On Tue, Nov 28, 2017 at 7:50 AM, Jason Resch <jasonre...@gmail.com> wrote:

>
>
> On Tue, Nov 28, 2017 at 6:06 AM, Bruno Marchal <marc...@ulb.ac.be> wrote:
>
>>
>> On 27 Nov 2017, at 04:04, Jason Resch wrote:
>>
>>
>> Richard Feynman in "The Character of Physical Law" Chapter 2 wrote:
>>
>> "It always bothers me that according to the laws as we understand them
>> today, it takes a computing machine an infinite number of logical
>> operations to figure out what goes on in no matter how tiny a region of
>> space, and no matter how tiny a region of time. How can all that be going
>> on in that tiny space? Why should it take an infinite amount of logic to
>> figure out what one tiny piece of space/time is going to do?"
>>
>> Does computationalism provide the answer to this question,
>>
>>
>> Yes.    :)
>>
>>
>>
> Very nice. It seems then Feynman's intuition was in the right place. The
> second half of the above quote was:
>
> "So I have often made the hypothesis ultimately physics will not require a
> mathematical statement, that in the end the machinery will be revealed and
> the laws will turn out to be simple, like the checker board with all its
> apparent complexities. But this is just speculation."
>
>
> So it looks like that simple machinery is the machinery of the universal
> machine and the simple laws  are those of Peano (or Robinson?) Arithmetic.
>
>
>>
>> in the sense that even the tiniest region of space is the result of an
>> infinity of computations going through an observer's mind state as it
>> observes the tiniest region of space?
>>
>>
>> That might be OK, if space was something entirely physical, which is
>> suggested by the physics of the vacuum, or general relativity, but with
>> Mechanism, spece and time might be less physical than here suggested. The
>> reason is that it is not clear how "empty space" could make a computation
>> different from another,
>>
>
> I think what I was thinking here were "closed loop feyman diagrams", where
> any possible diagram might be drawn in the tiniest area of space, so long
> as it is closed, e.g. fluctuations/particle creations are permitted so long
> as they all cancel out. So if space is physical, and enables any of these
> fluctuations to happen, then this noise can take any possible value from
> the observer's point of view (like the polarization of a photon).
>
>
>> and so space could be only a marker differentiating some computations,
>> like time seems to be in the indexical approach. All this would need big
>> advance in the mathematics of the intelligible and sensible arithmetical
>> matter. I expect space to be explained by quantum knot invariant algebra
>> due to subtil relation between BDB and DBD logical operators (I mean []<>[]

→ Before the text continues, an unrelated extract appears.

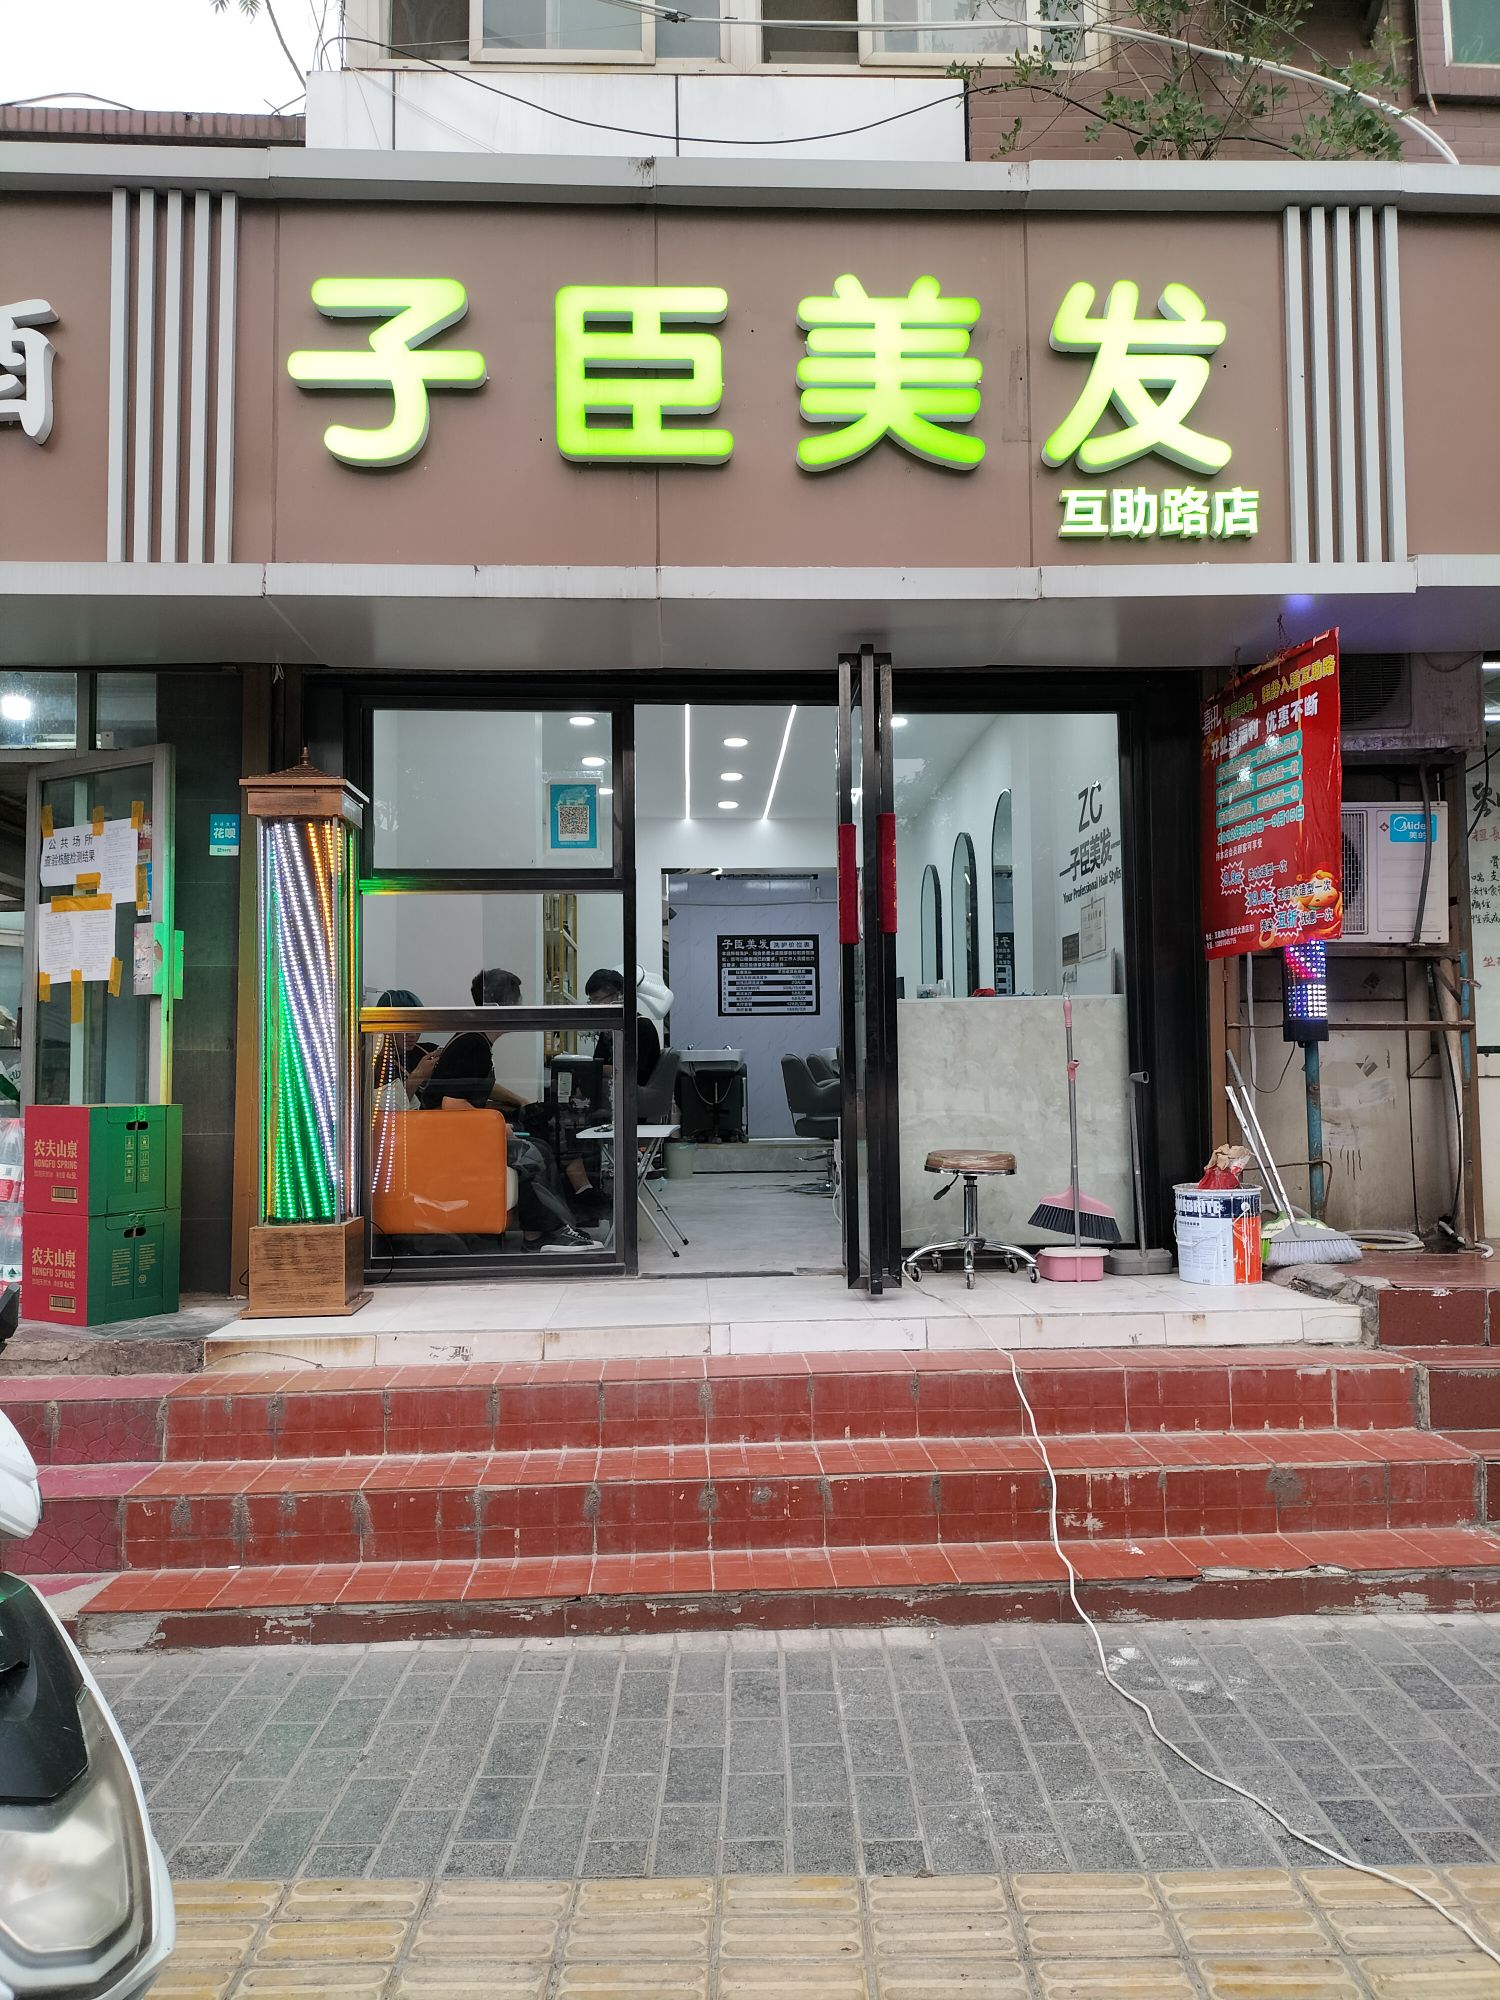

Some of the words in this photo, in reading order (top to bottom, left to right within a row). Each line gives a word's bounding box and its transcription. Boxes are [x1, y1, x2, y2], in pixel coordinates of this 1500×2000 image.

>> and <>[]<>). Kant might be right on this, apparently space and time are
>> really in the "categorie de l'entendement", I don't know Kant in English
>> sorry, but this means mainly that they belong to the mind).
>>
>>
> Thanks I very much appreciate these additional insights. I do subscribe to
> the belief that time is an illusion created by the mind. I have a little
> more trouble seeing that when extended to spacetime as a whole.  Though
> perhaps what's come closest to helping me see this picture is Amanda
> Gefter's excellent book "Trespassing on Einstein's Lawn"--I would recommend
> it to everyone on the Everything list. It takes the approach that only
> things that are invariant are real, and from there proceeds to deconstruct
> almost all of physics.
>
> Jason
>
>
I wanted to add, it also shows that the function (if you can call it that)
of practically every physical law is to ensure consistency between
observers. I think you would like it.